OpenLeaks will be structured a bit differently than WikiLeaks. It will be designed to accept leaks in a secure and anonymous manner, but won’t publish them itself. Instead, OpenLeaks will work with other publishers, including newspapers and websites around the world, which will asses the newsworthiness of any leaked documents, and edit and redact them as appropriate before releasing them.
In this way, OpenLeaks hopes to address one of the biggest early criticisms against WikiLeaks: that it publishes sensitive documents indiscriminately without regard for the safety of people who may be mentioned in those documents. This was certainly the case with the Afghanistan war documents, and is one of the main reason why the WikiLeaks defectors set up OpenLeaks. In an online chat at the time, in reference to the way Assange handled the first leak of Afghanistan war documents, Domscheit-Berg accused him of behaving “like some kind of emperor or slave trader.”

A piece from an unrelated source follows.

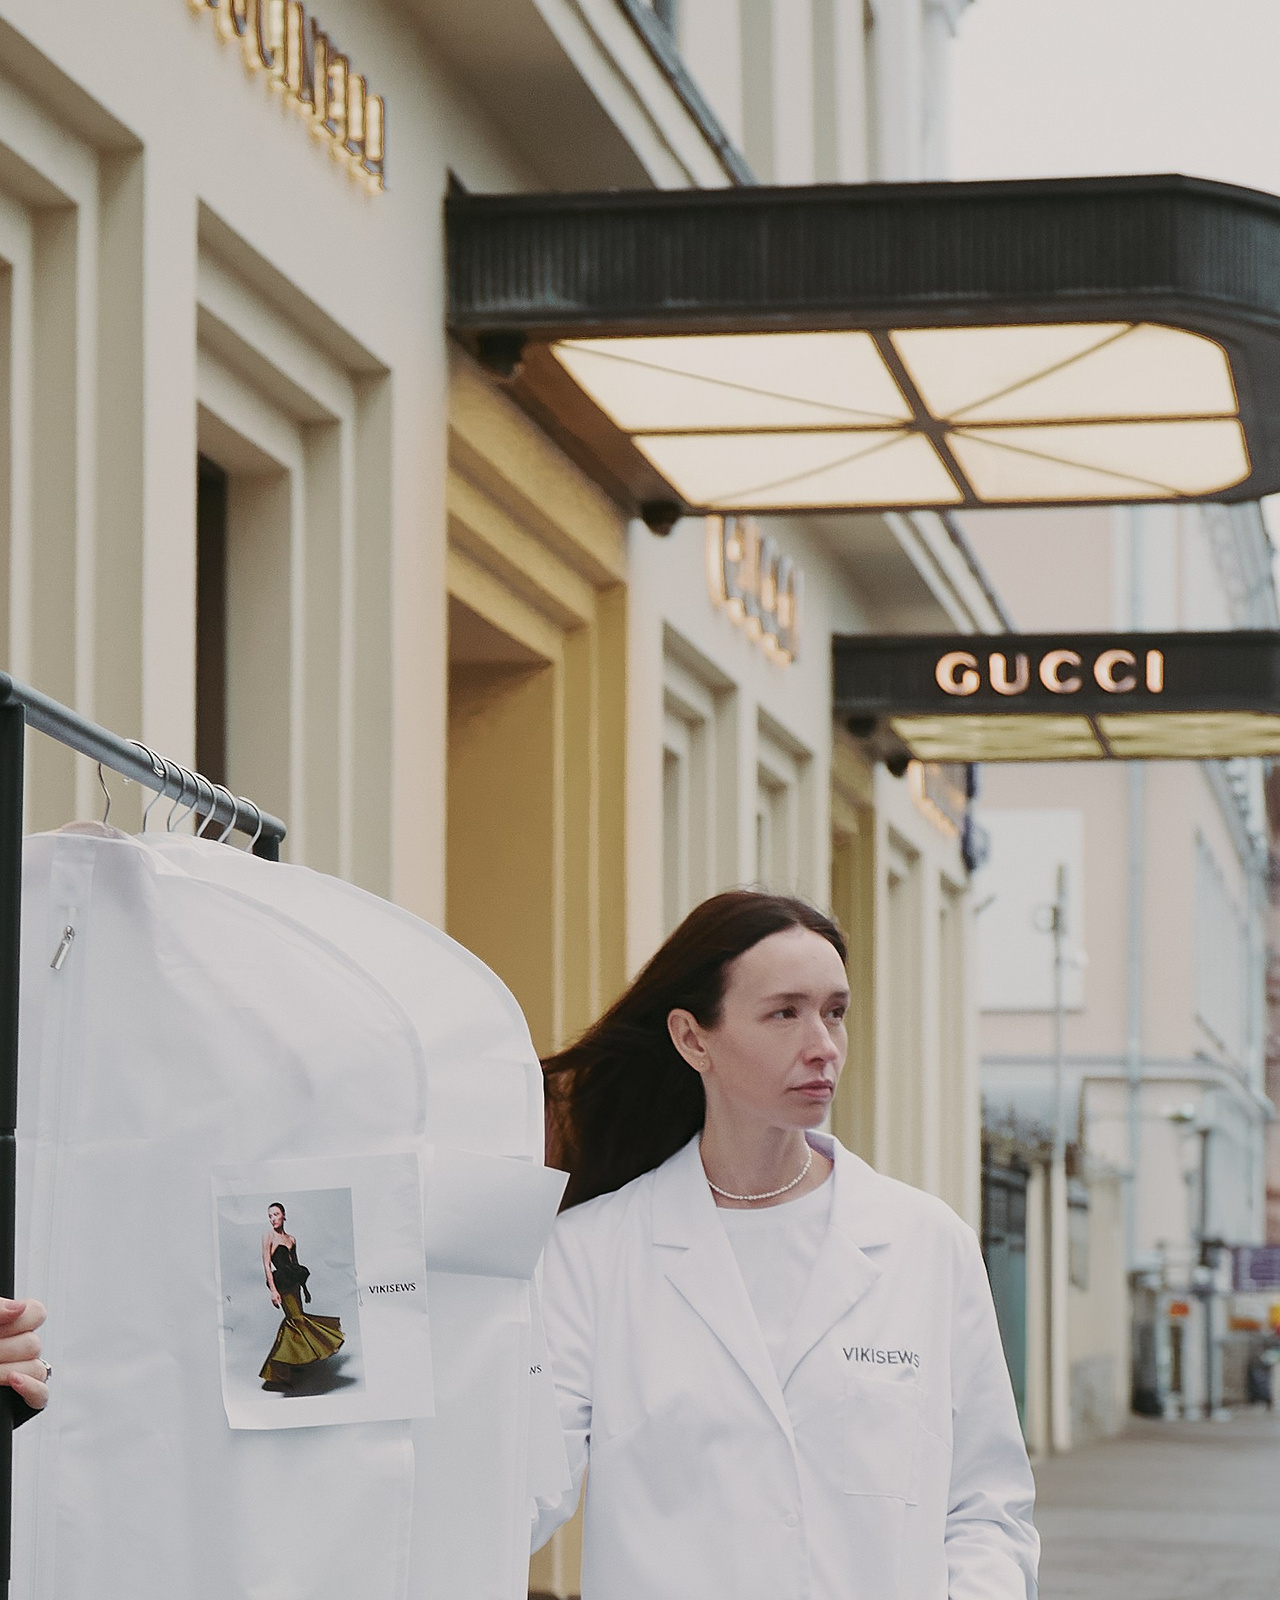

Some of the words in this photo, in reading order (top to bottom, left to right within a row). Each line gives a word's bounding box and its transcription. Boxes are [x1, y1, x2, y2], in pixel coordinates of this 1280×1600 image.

Although the same charge of recklessness is being slung at WikiLeaks over the current Cablegate documents, it seems to have learned from its first mistake. All the Cablegate documents so far have been released piecemeal in partnership with newspapers around the world, whose editorial staff vets and redacts names from them as appropriate.
More than anything, what the existence of OpenLeaks shows is that even if WikiLeaks gets shut down, other services are waiting in the sidelines to pop up to and take its place. Thanks to the Internet, the leakers cannot be stopped.